Segment Open

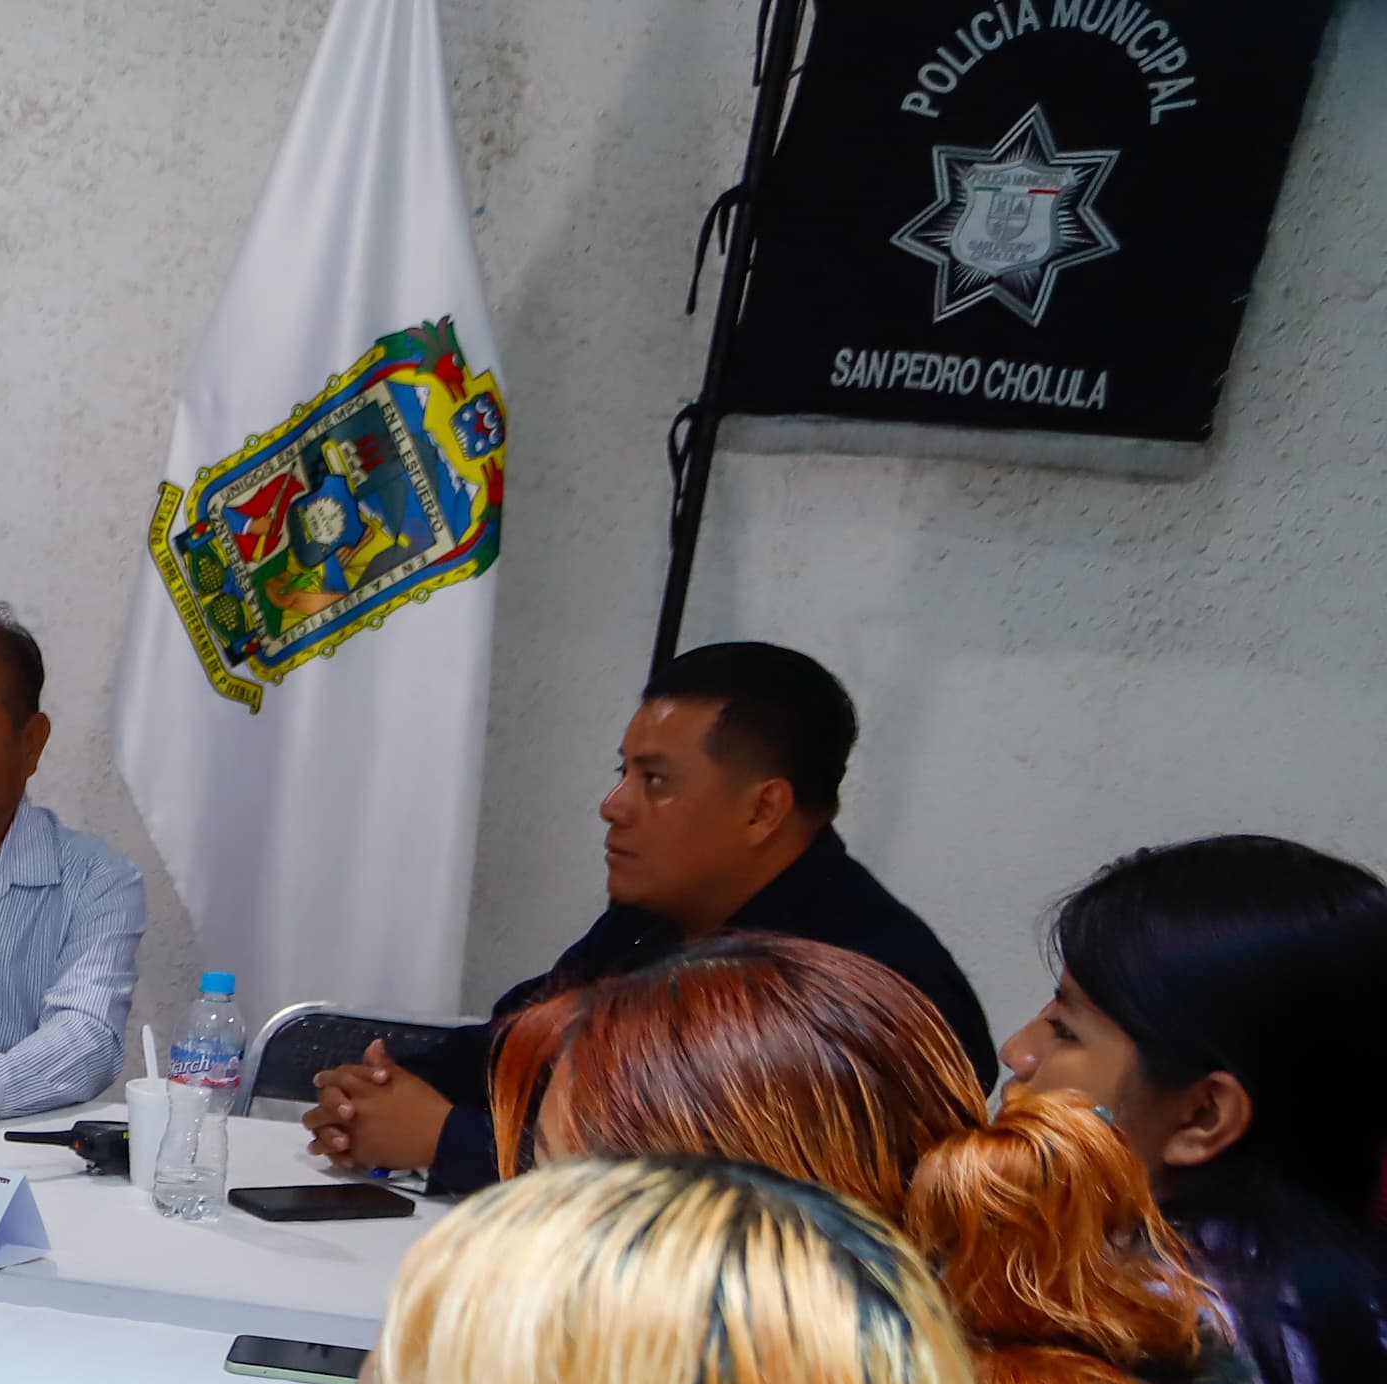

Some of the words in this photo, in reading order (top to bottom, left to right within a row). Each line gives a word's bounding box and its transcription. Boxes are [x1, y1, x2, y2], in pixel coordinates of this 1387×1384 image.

[900, 0, 1040, 118] POLICÍA
[1050, 0, 1197, 125] MUNICIPAL
[830, 347, 889, 389] SAN
[887, 351, 981, 396] PEDRO
[983, 359, 1107, 410] CHOLULA
[381, 402, 396, 427] EN
[390, 425, 406, 449] EL
[402, 448, 443, 534] ESFUERZO

Segment Closed

## Exercise prompt
Keep every word of the records above exactly, and return them with no pictures.

## Solution to the exercise
Some of the words in this photo, in reading order (top to bottom, left to right within a row). Each line gives a word's bounding box and its transcription. Boxes are [x1, y1, x2, y2], in pixel coordinates of this 1387×1384 image.

[900, 0, 1040, 118] POLICÍA
[1050, 0, 1197, 125] MUNICIPAL
[830, 347, 889, 389] SAN
[887, 351, 981, 396] PEDRO
[983, 359, 1107, 410] CHOLULA
[381, 402, 396, 427] EN
[390, 425, 406, 449] EL
[402, 448, 443, 534] ESFUERZO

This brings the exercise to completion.